EXCERPTED RECORDS below:
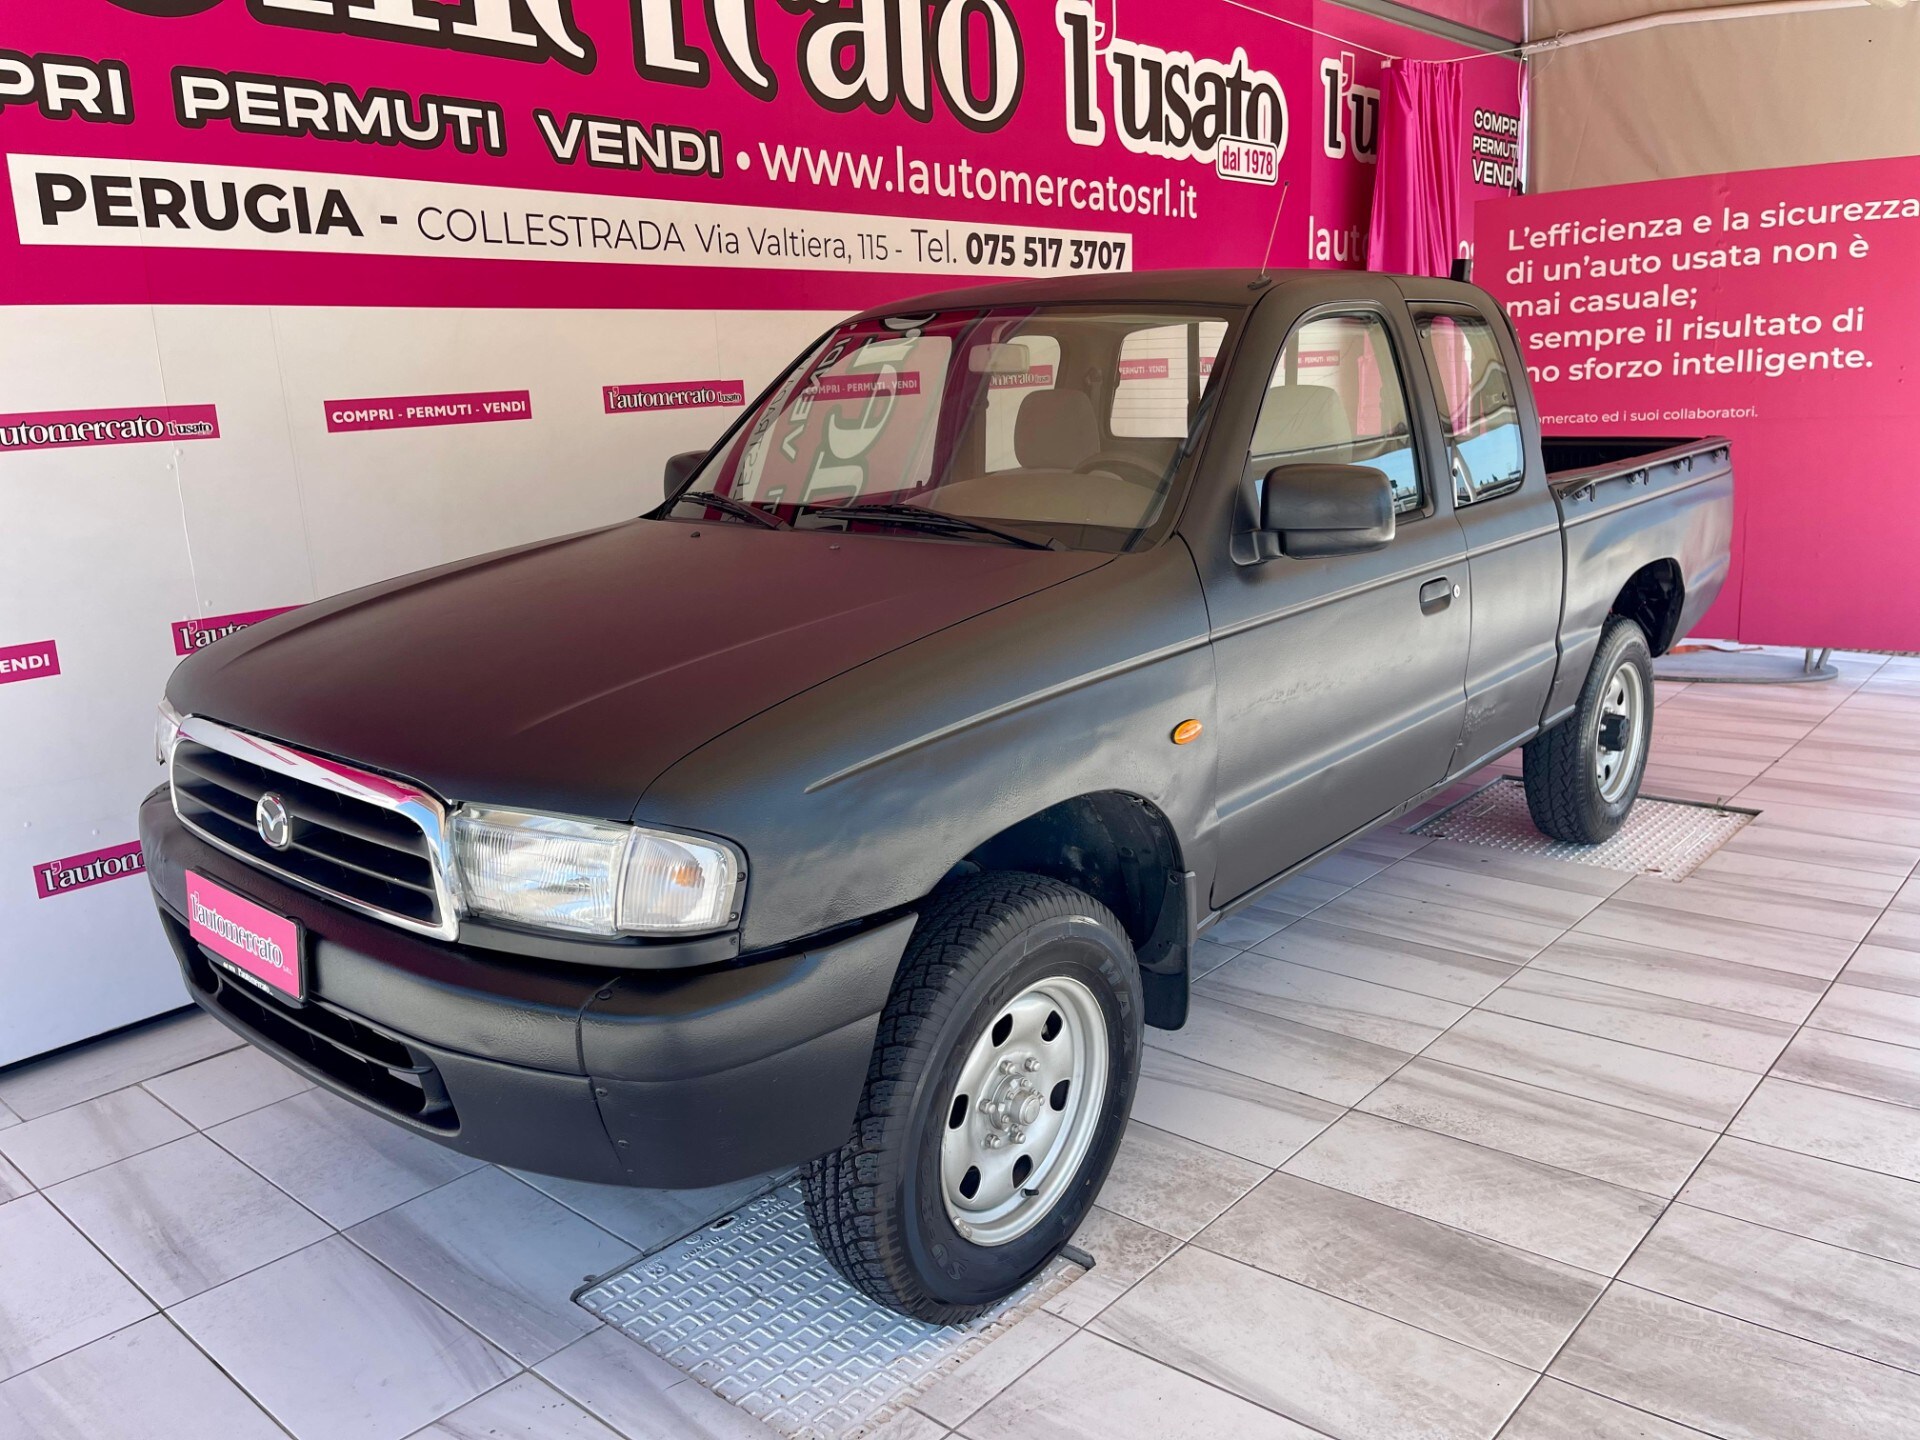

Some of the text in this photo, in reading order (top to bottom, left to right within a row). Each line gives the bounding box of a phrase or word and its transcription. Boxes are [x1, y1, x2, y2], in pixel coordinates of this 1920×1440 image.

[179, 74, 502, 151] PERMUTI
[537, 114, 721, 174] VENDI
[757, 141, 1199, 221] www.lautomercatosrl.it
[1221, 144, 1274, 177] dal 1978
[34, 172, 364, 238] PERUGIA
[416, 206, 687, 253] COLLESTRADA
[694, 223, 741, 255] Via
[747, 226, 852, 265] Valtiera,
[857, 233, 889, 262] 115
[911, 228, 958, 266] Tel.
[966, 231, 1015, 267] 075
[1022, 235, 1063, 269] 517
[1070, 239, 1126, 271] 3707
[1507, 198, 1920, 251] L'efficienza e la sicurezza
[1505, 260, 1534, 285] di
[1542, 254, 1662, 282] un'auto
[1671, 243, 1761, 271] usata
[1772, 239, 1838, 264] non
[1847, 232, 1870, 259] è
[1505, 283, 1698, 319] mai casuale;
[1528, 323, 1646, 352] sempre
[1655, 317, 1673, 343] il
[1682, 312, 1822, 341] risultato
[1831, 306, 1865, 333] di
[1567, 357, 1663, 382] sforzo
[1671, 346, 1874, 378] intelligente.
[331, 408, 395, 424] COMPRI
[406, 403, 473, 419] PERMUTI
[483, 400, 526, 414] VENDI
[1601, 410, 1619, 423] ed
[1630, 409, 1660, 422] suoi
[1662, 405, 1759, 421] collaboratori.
End of EXCERPTED RECORDS.
◆ ACTION ITEM: Produce a verbatim copy of every entry, excluding pictures.

◆ ANSWER TO THE PROBLEM:
Some of the text in this photo, in reading order (top to bottom, left to right within a row). Each line gives the bounding box of a phrase or word and its transcription. Boxes are [x1, y1, x2, y2], in pixel coordinates of this 1920×1440 image.

[179, 74, 502, 151] PERMUTI
[537, 114, 721, 174] VENDI
[757, 141, 1199, 221] www.lautomercatosrl.it
[1221, 144, 1274, 177] dal 1978
[34, 172, 364, 238] PERUGIA
[416, 206, 687, 253] COLLESTRADA
[694, 223, 741, 255] Via
[747, 226, 852, 265] Valtiera,
[857, 233, 889, 262] 115
[911, 228, 958, 266] Tel.
[966, 231, 1015, 267] 075
[1022, 235, 1063, 269] 517
[1070, 239, 1126, 271] 3707
[1507, 198, 1920, 251] L'efficienza e la sicurezza
[1505, 260, 1534, 285] di
[1542, 254, 1662, 282] un'auto
[1671, 243, 1761, 271] usata
[1772, 239, 1838, 264] non
[1847, 232, 1870, 259] è
[1505, 283, 1698, 319] mai casuale;
[1528, 323, 1646, 352] sempre
[1655, 317, 1673, 343] il
[1682, 312, 1822, 341] risultato
[1831, 306, 1865, 333] di
[1567, 357, 1663, 382] sforzo
[1671, 346, 1874, 378] intelligente.
[331, 408, 395, 424] COMPRI
[406, 403, 473, 419] PERMUTI
[483, 400, 526, 414] VENDI
[1601, 410, 1619, 423] ed
[1630, 409, 1660, 422] suoi
[1662, 405, 1759, 421] collaboratori.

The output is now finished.